Quanto à carência generalizada, a queda em espiral do padrão de vida, a economia doméstica estrangulada e a carestia que já assola a nação, o “pobretão infeliz” do “barracão de zinco” vai sentir aqui e ali em ano de eleição breves alentos de vida a soprar em seus ouvidos. Disse Malu Gaspar em O Globo (17/03): “Sob a justificativa de impedir que a economia vá para o buraco, (…) serão R$ 30 bilhões em saques antecipados do FGTS, R$ 56 bilhões com o adiantamento do 13º para pensionistas e aposentados, R$ 90 bi para o Auxílio Brasil e até R$ 120 bi para um fundo dos combustíveis. Sem contar os cortes e subsídios fiscais, que poderão chegar a R$ 30 bi, totalizando por baixo R$ 500 bi”. Um alívio de custo multibilionário com curto prazo de validade pingando a conta-gotas na conta dos eu têm fome. E depois deste ano? Para quem crê que será assim, não desanimeis, animais!

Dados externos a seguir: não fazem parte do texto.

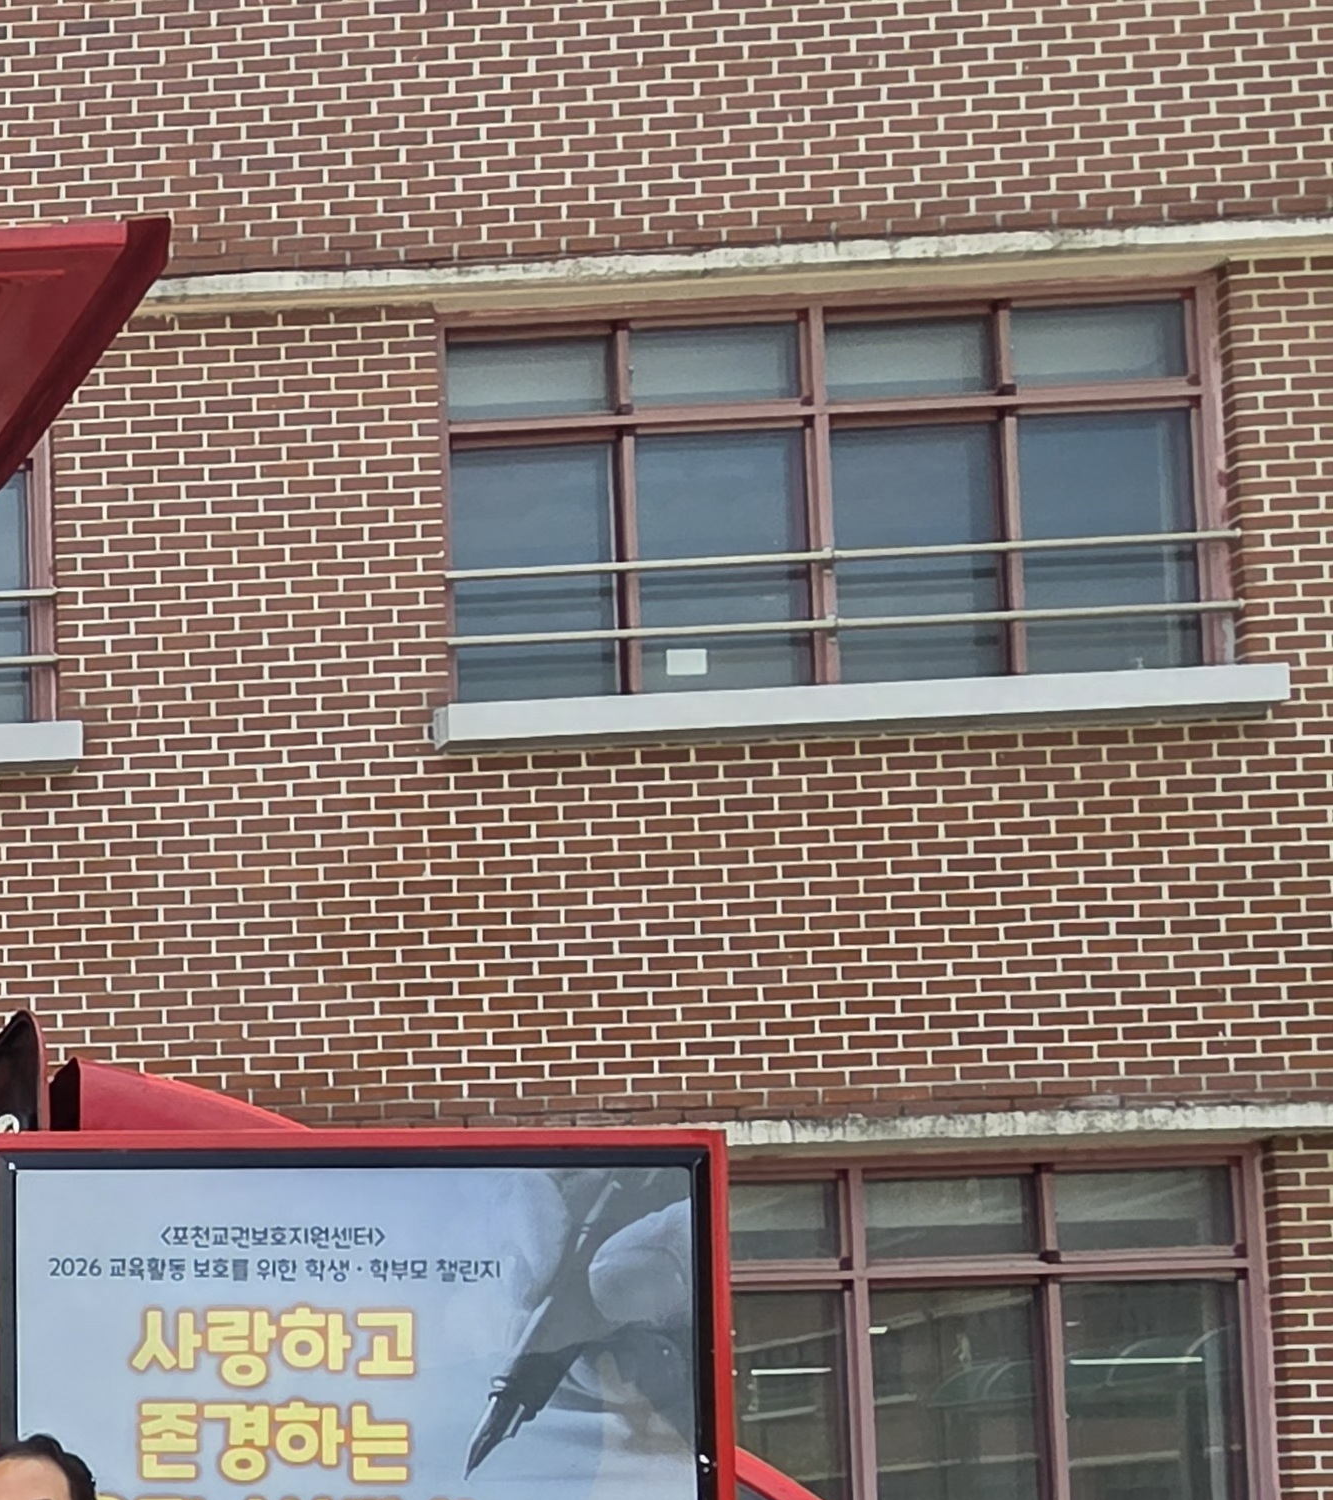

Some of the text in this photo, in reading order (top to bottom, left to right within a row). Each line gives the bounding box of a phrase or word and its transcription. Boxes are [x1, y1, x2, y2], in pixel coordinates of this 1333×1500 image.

[48, 1257, 102, 1278] 2026
[109, 1257, 185, 1281] 교육활동
[194, 1258, 248, 1282] 보호를
[257, 1258, 297, 1282] 위한
[305, 1257, 348, 1282] 학생
[369, 1258, 428, 1282] 학부모
[436, 1258, 501, 1283] 챌린지
[131, 1307, 415, 1388] 사랑하고
[140, 1401, 410, 1482] 존경하는

Fora a pandemia, a inflação, os juros e a guerra fria, há uma guerra maior fervendo que já se fecha um mês, a invasão da Ucrânia pela Rússia de Putin – isso porque há outra Rússia, descontente por estar envolvida em um conflito de que discorda. Afinal, a origem do país invasor é a própria Kyiv, ou Kiev, em russo, capital da Ucrânia: Rússia, nação dela concebida como a mãe que traz um filho à luz. Se os dois líderes, Putin e Zelensky, a bem do mundo, vissem tal luz no fim do túnel, seria o bálsamo para os nossos ânimos (apesar de em 1918 o senador americano H. W. Johnson já ter alertado que “na guerra, a primeira vítima é a verdade”). Animemo-nos: Zelensky, figura que parece mais confiável, disse que aguarda o fim do conflito para maio.

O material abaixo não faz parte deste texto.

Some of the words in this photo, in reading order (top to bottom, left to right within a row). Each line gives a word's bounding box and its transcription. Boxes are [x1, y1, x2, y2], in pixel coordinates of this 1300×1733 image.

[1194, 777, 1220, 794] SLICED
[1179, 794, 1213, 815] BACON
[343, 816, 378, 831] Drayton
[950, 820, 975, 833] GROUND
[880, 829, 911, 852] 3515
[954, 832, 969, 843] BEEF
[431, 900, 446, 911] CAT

Putin não esperava uma resistência ucraniana guerrilheira quase à moda dos Vietcongues, com armas e aviões menores, entre florestas e destroços. Só faltam buracos camuflados ocultando espetos envenenados de bambu, como na Indochina. Guerra de molotovs, granadas com pino no dente, emboscadas… Uma surpresa para o líder russo, com certeza. A tomada de Kyiv não está sendo tão fácil.

Por isso, primeiro, o fim simbólico do vírus da Covid: um novo estado de endemia controlável, como querem os cientistas, enchendo as nações de esperança por uma nova vida, plena de alegria. Segundo, uma solução duradoura – e não panaceias de curta duração – para a extrema pobreza e a fome que assolam nosso país. Terceiro e por fim, pelos estertores de uma guerra particular que, neste mundo que sabemos um só, dilacera economias, cria animosidades e gera ódio, deixando o planeta enlutado e vítima do medo, da incerteza e da fome.

Por tudo isso, mais do que nunca, é nossa hora e vez: não desanimeis. Animeis!